Member of the Idaho House of Representatives
- In office 1966–1972

Personal details
- Born: December 7, 1939 Idaho Falls, Idaho, U.S.
- Died: September 1, 1982 (aged 42) Salt Lake City, Utah, U.S.
- Party: Republican

= Terry Crapo =

American politician

Terry Lavelle Crapo (July 2, 1939 – September 1, 1982) was an American attorney, educator, and Republican Party politician who served in the Idaho House of Representatives for six years, and as majority leader from 1968 to 1972. He led the legislature to make Idaho the first state to adopt the Uniform Probate Code. He died from leukemia ten years after retiring from the Idaho House.

A practicing attorney in Idaho Falls, Idaho, who became a partner with his firm Holden Kidwell Hahn & Crapo, he also taught estate law at Brigham Young University for several years as a visiting professor. After his death, his younger brother Mike Crapo, also an attorney, entered politics, ultimately serving as a United States senator from Idaho.

==Biography==
Terry L. Crapo was the oldest of four brothers and two sisters in a large Mormon family and attended local schools. He was 12 years older than his brother Michael Crapo. He earned both his B.A. with highest honors and an M.A. degree at Brigham Young University in 1960. He went east to study law, graduating from Harvard Law School in 1963. He graduated second in his class, and served as associate editor of the Harvard Law Review.
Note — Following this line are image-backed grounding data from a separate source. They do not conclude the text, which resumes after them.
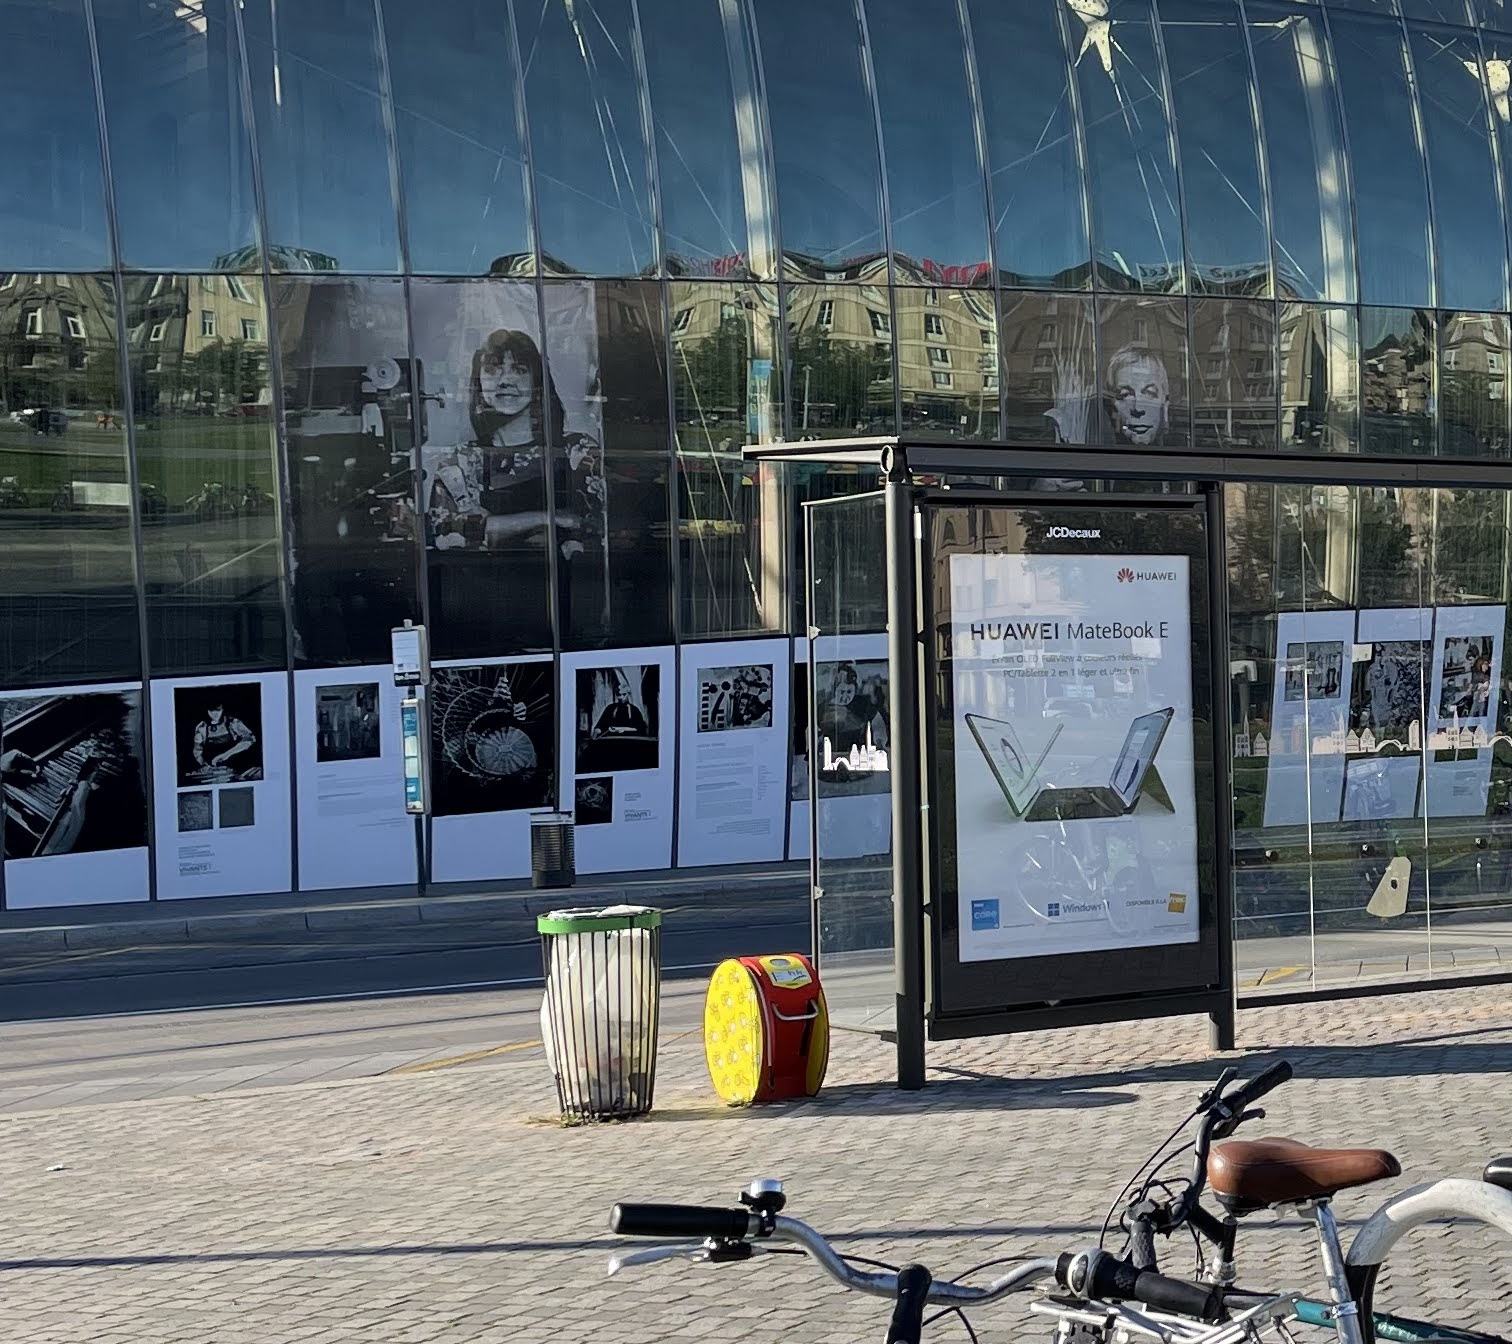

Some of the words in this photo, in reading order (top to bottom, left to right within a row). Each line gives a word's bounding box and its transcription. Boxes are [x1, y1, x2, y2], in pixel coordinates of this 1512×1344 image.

[1046, 526, 1101, 538] JCDecaux
[1136, 572, 1177, 581] HUAWEI
[970, 622, 1059, 641] HUAWEI
[1067, 620, 1155, 640] MateBook
[1159, 621, 1169, 638] E
[1051, 668, 1057, 677] 2
Crapo returned to Idaho to practice law, settling in Idaho Falls, where he joined what became Holden Kidwell Hahn & Crapo (his younger brother Michael also joined the firm). It is one of the largest and oldest firms in eastern Idaho, established by four Holden brothers in 1896.

Terry Crapo married and had a family. He became a Republican Party member and continued in the Church of Jesus Christ of Latter-day Saints.
He entered politics in Idaho Falls.

In 1966 through 1972, Crapo served in the Idaho State House, where he was elected as Majority Leader and serving from 1968 through 1972. He led Idaho to be the first state to enact the Uniform Probate Code.

In 1974 Crapo began as a visiting professor at Brigham Young University, teaching classes in estate planning: document drafting, wills, federal estate and gift tax, and advance estate planning. He continued to teach at BYU until his death from leukemia in 1982.

==Professional associations==
He was a member of the Idaho State Bar, the American Bar Association, the American Law Institute, and a Fellow of the American College of Probate Counsel.

==Legacy==
After Terry's death, his younger brother Michael Crapo entered politics, being elected to the State Senate in 1984. He was elected as a US Congressman and, in 1998, as United States Senator from Idaho.